──────── DATA EXTRACT ────────

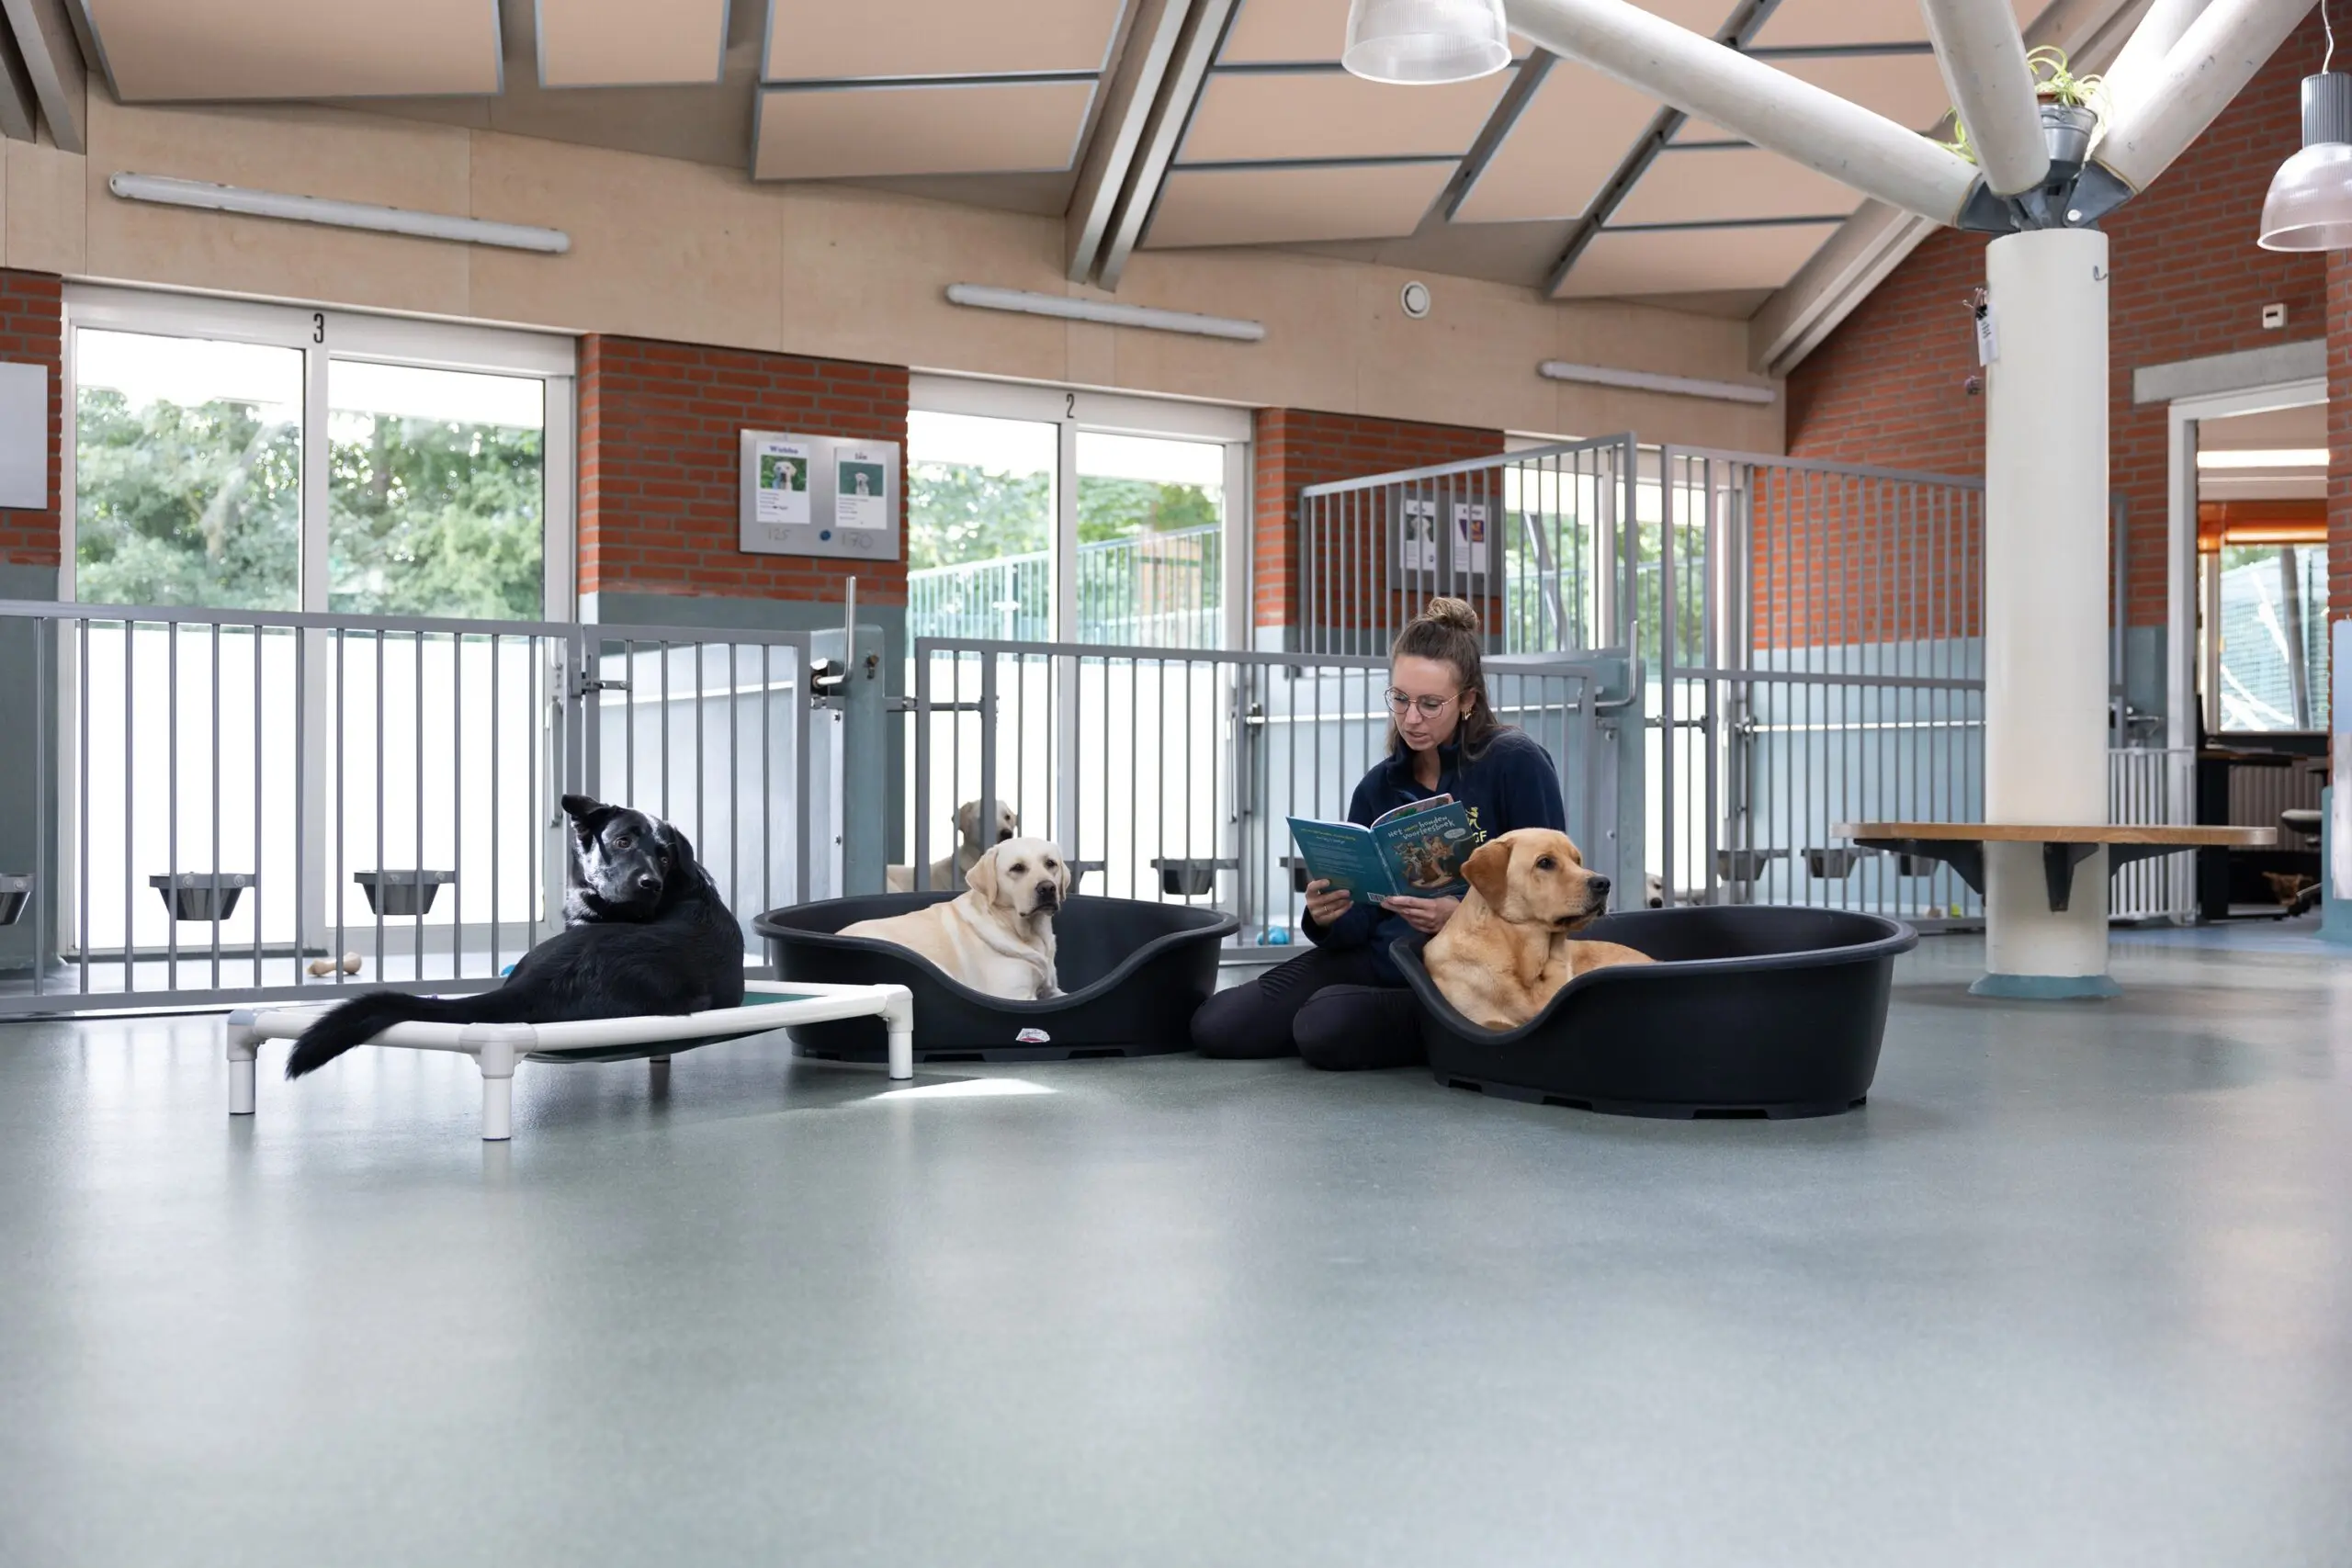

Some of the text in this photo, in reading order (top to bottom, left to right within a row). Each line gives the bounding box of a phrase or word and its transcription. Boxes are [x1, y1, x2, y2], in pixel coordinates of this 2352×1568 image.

[313, 312, 324, 344] 3
[1066, 392, 1075, 419] 2
[842, 531, 874, 550] 170
[1387, 828, 1404, 838] Het
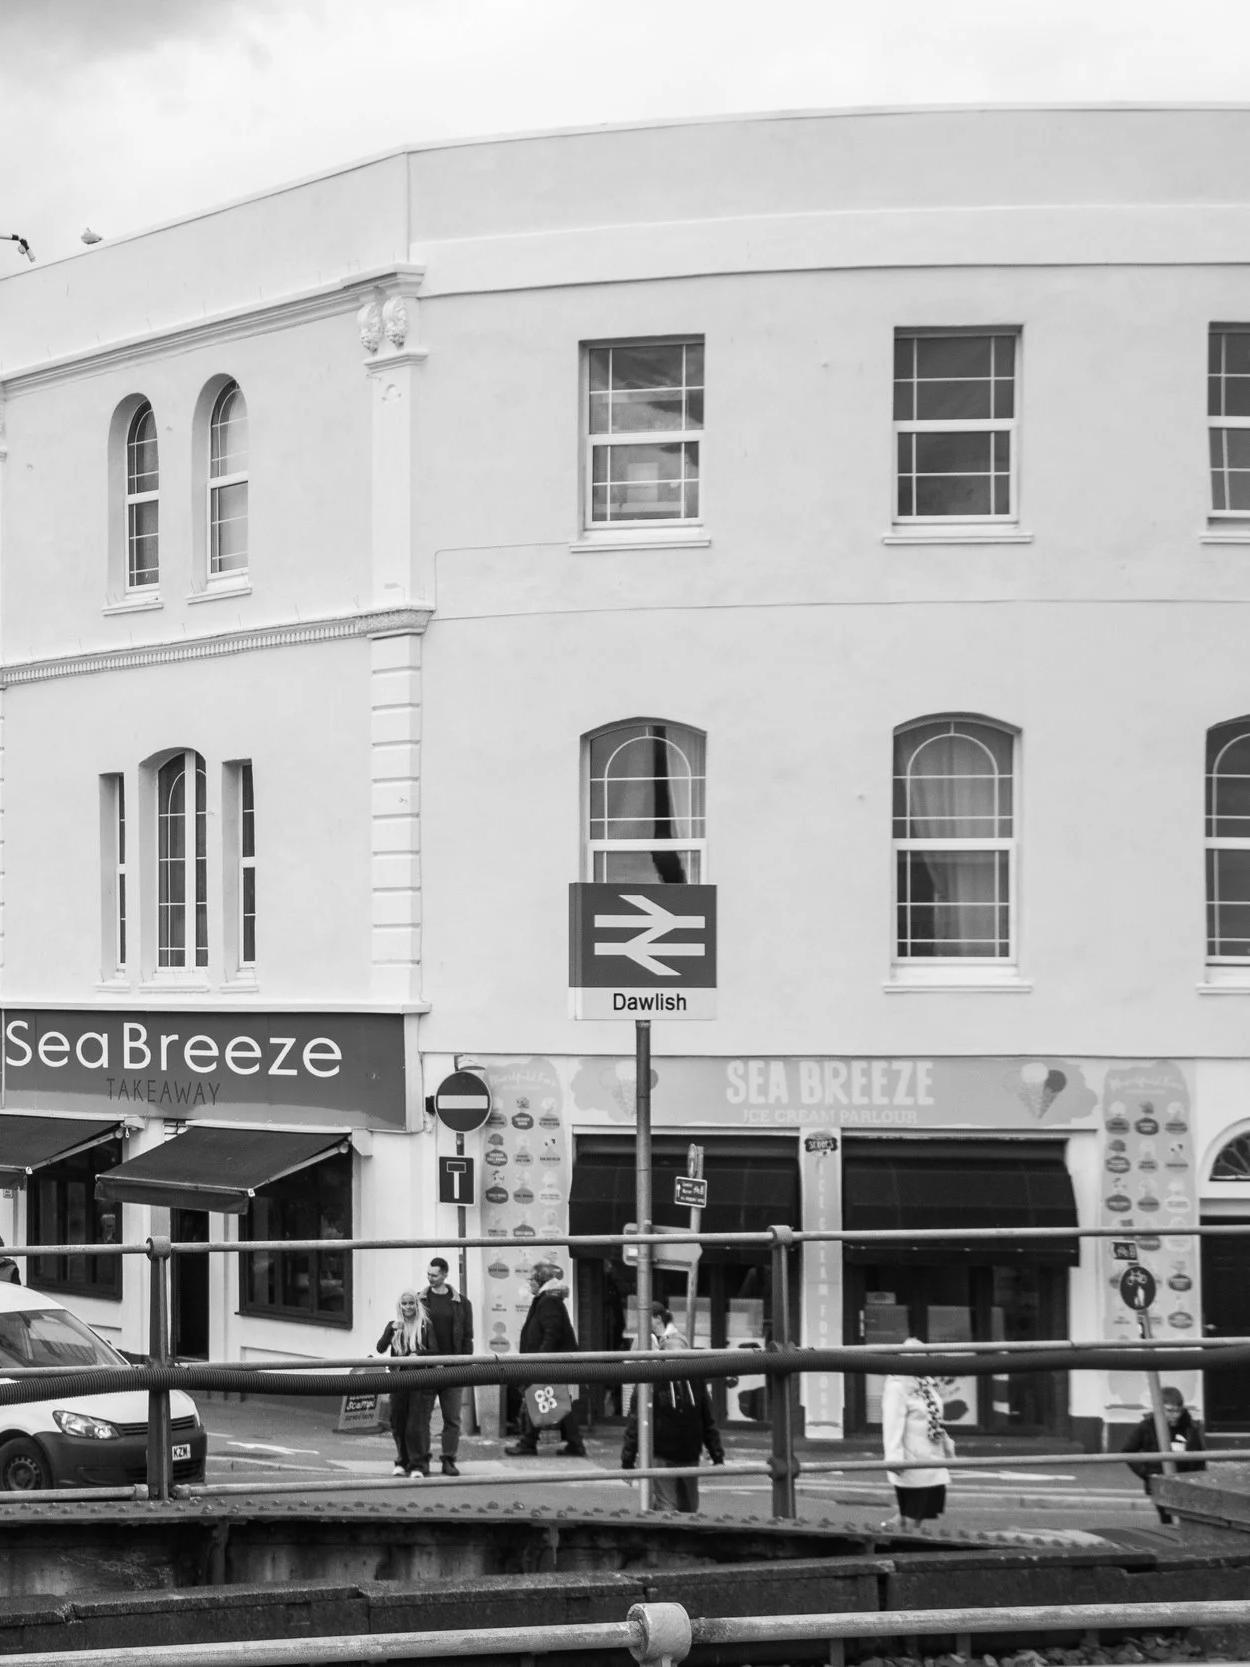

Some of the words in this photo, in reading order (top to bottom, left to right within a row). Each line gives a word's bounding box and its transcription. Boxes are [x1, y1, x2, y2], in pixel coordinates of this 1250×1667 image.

[613, 994, 687, 1011] Dawlish
[5, 1020, 111, 1070] Sea
[123, 1022, 343, 1078] Breeze
[106, 1077, 221, 1106] TAKEAWAY
[726, 1060, 789, 1105] SEA
[799, 1060, 935, 1106] BREEZE
[742, 1109, 770, 1123] ICE
[774, 1109, 836, 1124] CREAM
[839, 1109, 918, 1124] PARLOUR

────────

| ASSIGNMENT |
Nothing but the lines from the one containing "Some of the words" through the last line of the data above should be given again, each exactly as it stands.

| RESULT OF THIS EXERCISE |
Some of the words in this photo, in reading order (top to bottom, left to right within a row). Each line gives a word's bounding box and its transcription. Boxes are [x1, y1, x2, y2], in pixel coordinates of this 1250×1667 image.

[613, 994, 687, 1011] Dawlish
[5, 1020, 111, 1070] Sea
[123, 1022, 343, 1078] Breeze
[106, 1077, 221, 1106] TAKEAWAY
[726, 1060, 789, 1105] SEA
[799, 1060, 935, 1106] BREEZE
[742, 1109, 770, 1123] ICE
[774, 1109, 836, 1124] CREAM
[839, 1109, 918, 1124] PARLOUR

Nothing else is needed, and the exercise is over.